**Task directions**
Copy the data below exactly, omitting any picture it contains.
Supplied material START
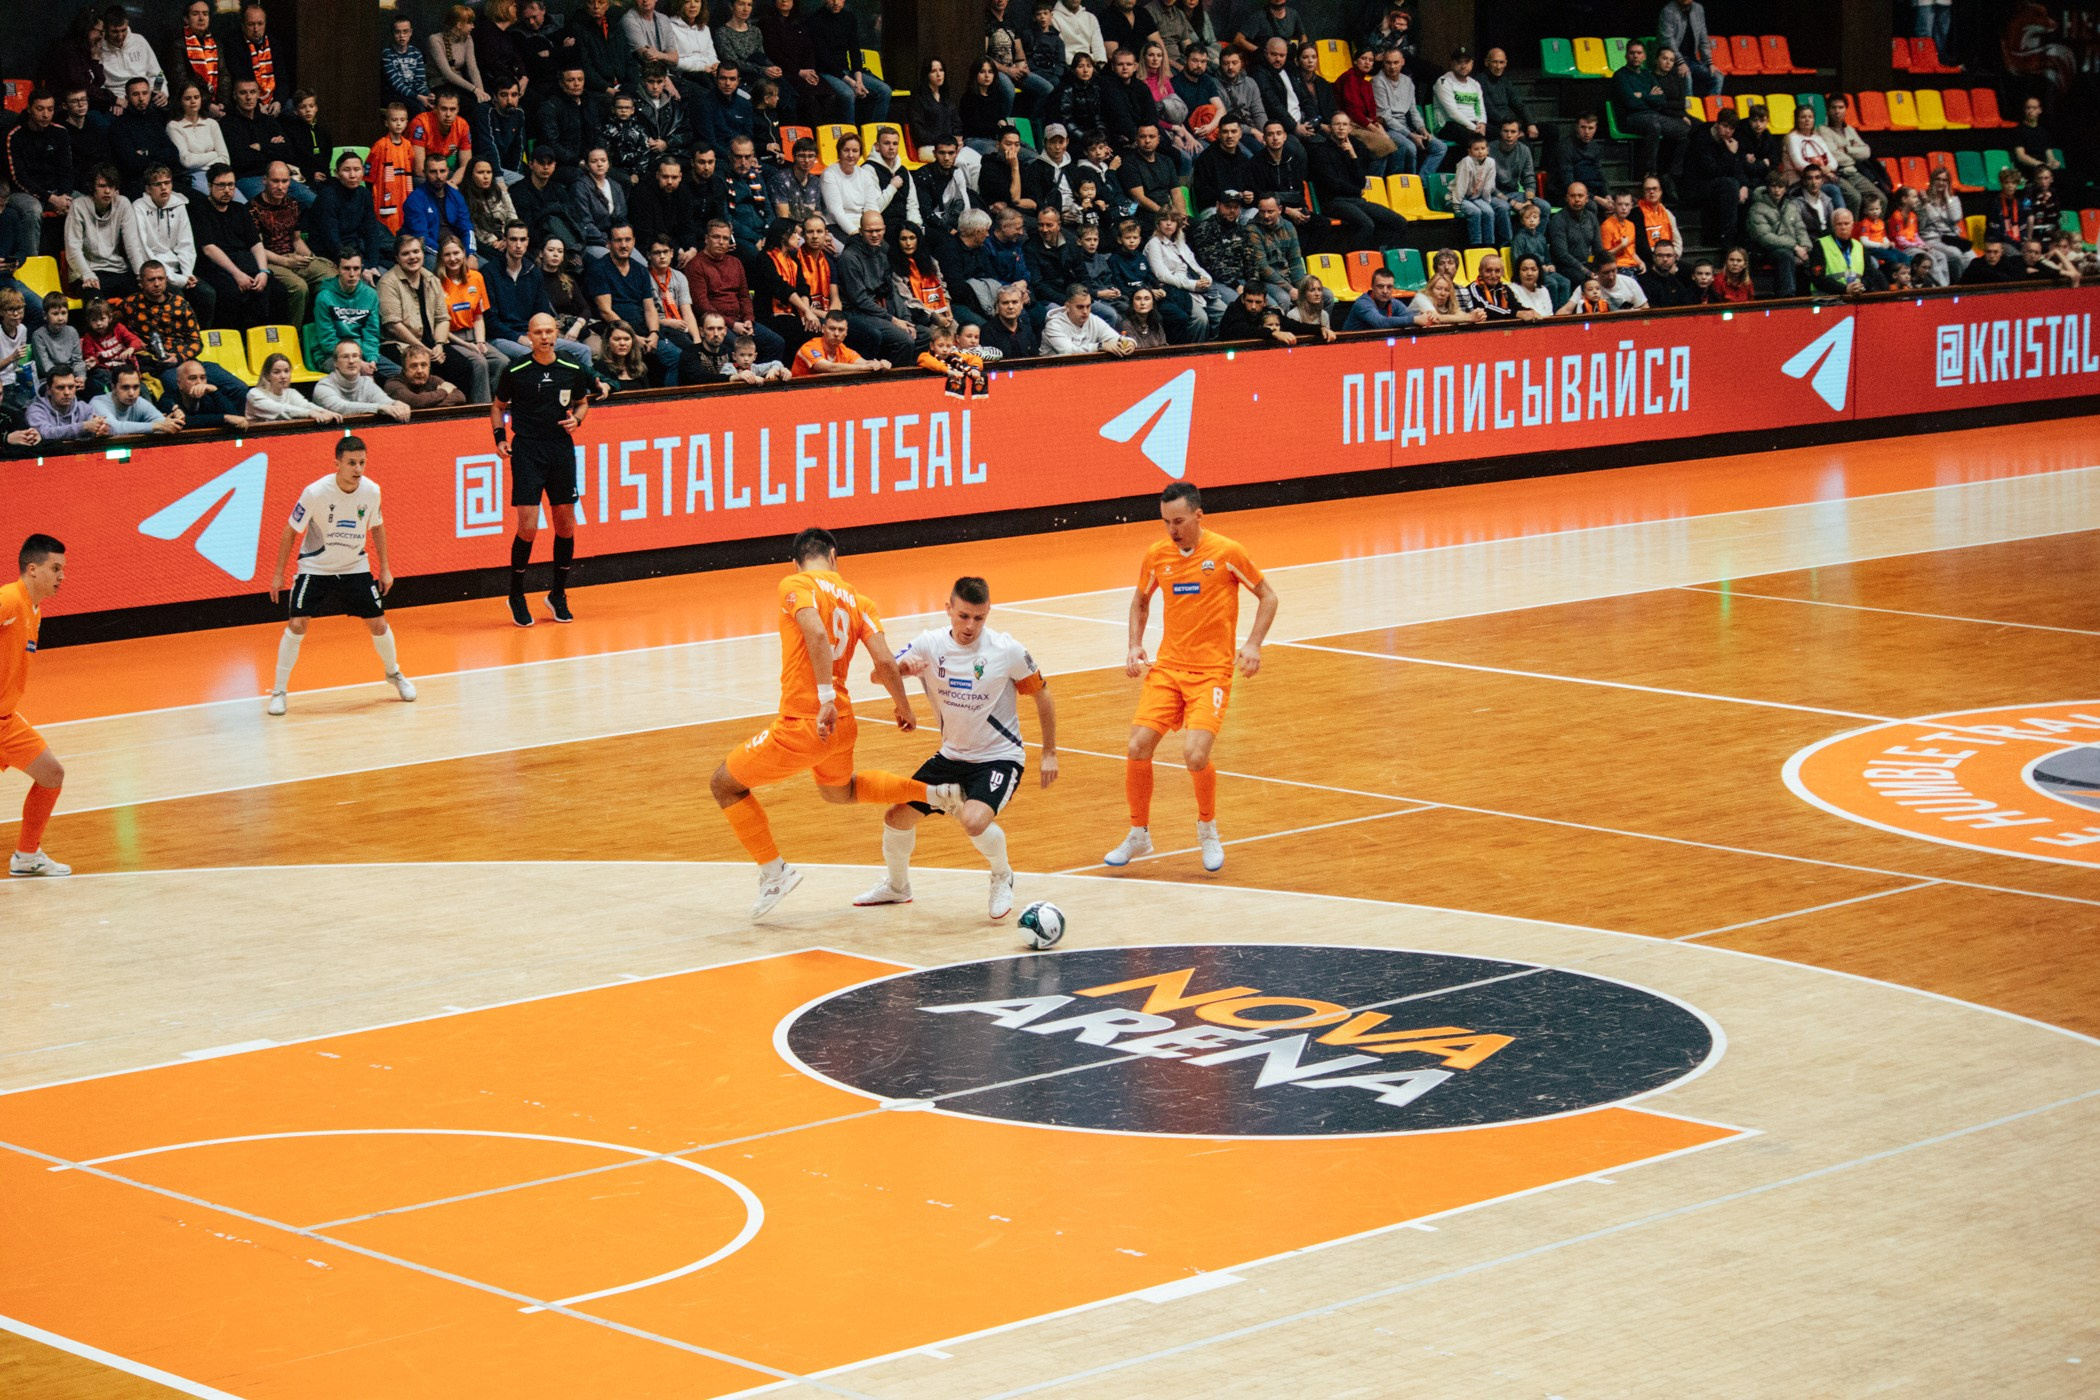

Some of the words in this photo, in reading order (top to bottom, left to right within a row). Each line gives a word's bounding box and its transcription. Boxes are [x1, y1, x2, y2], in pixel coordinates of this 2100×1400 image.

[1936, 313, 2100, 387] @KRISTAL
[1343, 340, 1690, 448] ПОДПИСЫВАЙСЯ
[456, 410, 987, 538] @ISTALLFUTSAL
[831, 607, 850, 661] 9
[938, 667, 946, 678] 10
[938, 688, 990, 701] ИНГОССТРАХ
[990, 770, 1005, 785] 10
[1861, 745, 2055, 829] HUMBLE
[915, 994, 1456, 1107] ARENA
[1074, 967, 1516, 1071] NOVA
Supplied material END
**Result of the exercise**
Some of the words in this photo, in reading order (top to bottom, left to right within a row). Each line gives a word's bounding box and its transcription. Boxes are [x1, y1, x2, y2], in pixel coordinates of this 2100×1400 image.

[1936, 313, 2100, 387] @KRISTAL
[1343, 340, 1690, 448] ПОДПИСЫВАЙСЯ
[456, 410, 987, 538] @ISTALLFUTSAL
[831, 607, 850, 661] 9
[938, 667, 946, 678] 10
[938, 688, 990, 701] ИНГОССТРАХ
[990, 770, 1005, 785] 10
[1861, 745, 2055, 829] HUMBLE
[915, 994, 1456, 1107] ARENA
[1074, 967, 1516, 1071] NOVA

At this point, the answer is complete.